1 Please Google and describe Law of Large Numbers in your own words.

#The Law of Large Numbers is basically the idea that the more you observe something, the closer you get to seeing what you expect. If you keep flipping a coin, you’ll see that the number of heads and tails you get will get closer and closer to 50% each as you keep flipping. This means that when you do experiments or look at data sets, the more you look at them, the more you can predict what will happen.

2. Please explain CLT in your own words.

#The Central Limit Theorem (CLT) is a crucial statistical principle that explains why the distribution of sample means tends to resemble a normal distribution as the sample size increases, regardless of the initial distribution shape of the population. In essence, if you repeatedly draw sufficiently large samples from any population and calculate their means, those means will approximate a normal (bell-shaped) curve. This normal distribution will have a mean equal to the population mean and a standard deviation known as the standard error. The theorem holds true even if the original data are skewed, bunched up, or spread out in any particular pattern.
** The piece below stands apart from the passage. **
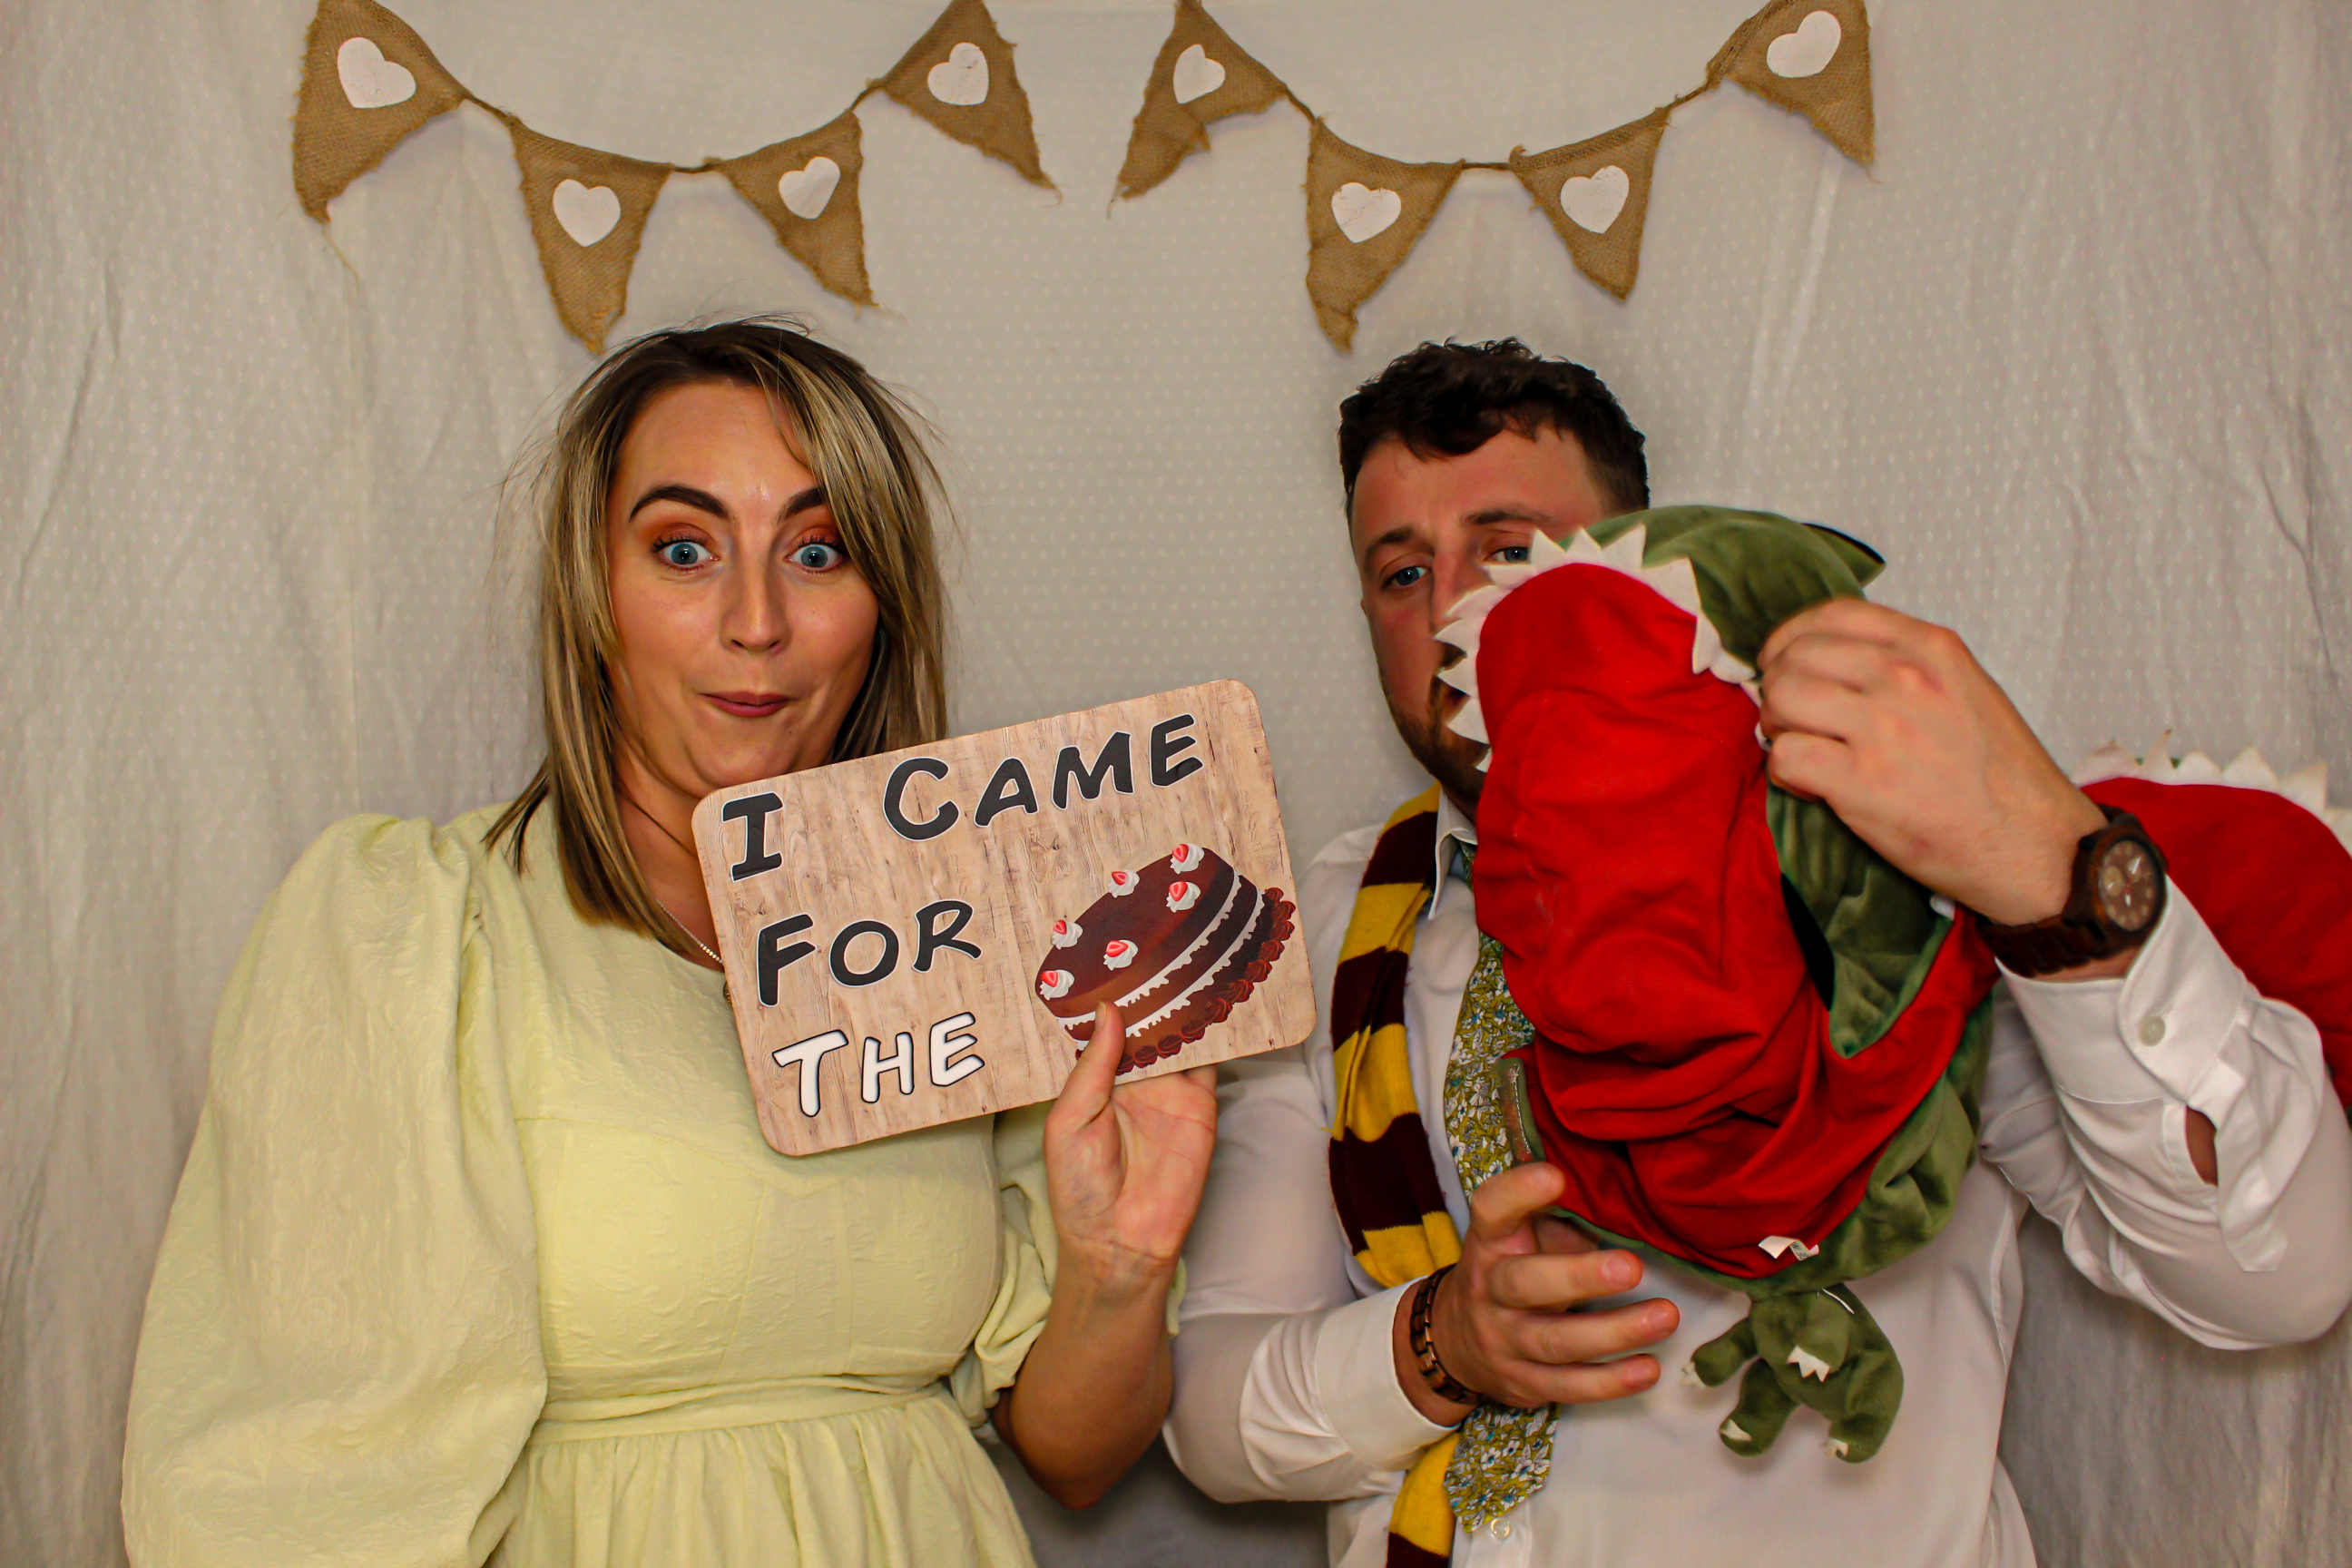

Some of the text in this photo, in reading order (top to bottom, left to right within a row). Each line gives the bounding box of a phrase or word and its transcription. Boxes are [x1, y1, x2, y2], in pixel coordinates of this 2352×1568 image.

[722, 714, 1204, 881] I CAME
[757, 900, 982, 1006] FOR
[773, 1012, 985, 1118] THE
The CLT is essential in statistics because it justifies using normal probability calculations to make inferences about overall population parameters based on sample data. This feature is what makes reliable hypothesis testing and confidence interval construction possible, even when the underlying population distribution is unknown.

3 What are the similarities and differences between LLN and CLT?

#The Law of Large Numbers (LLN) and the Central Limit Theorem (CLT) are both about how averages behave in big groups, but they’re looking at different things. The LLN says that as group sizes get bigger, the average result will get closer to the actual result, which means the average is a reliable way to measure things. Meanwhile, the CLT focuses on the way that the averages are spread out across the group. It says that no matter what the group looks like to start with, if you take a big enough sample, the averages will start to look more like a bell curve.

#Both theorems need a big group to work, and they help us to make predictions and draw conclusions about the whole group based on only some of the members. But while the LLN is about how close the average is to the true answer, the CLT is about how the averages are spread out. So the LLN helps us to be accurate, and the CLT helps us to understand how accurate we can be when we look at different groups.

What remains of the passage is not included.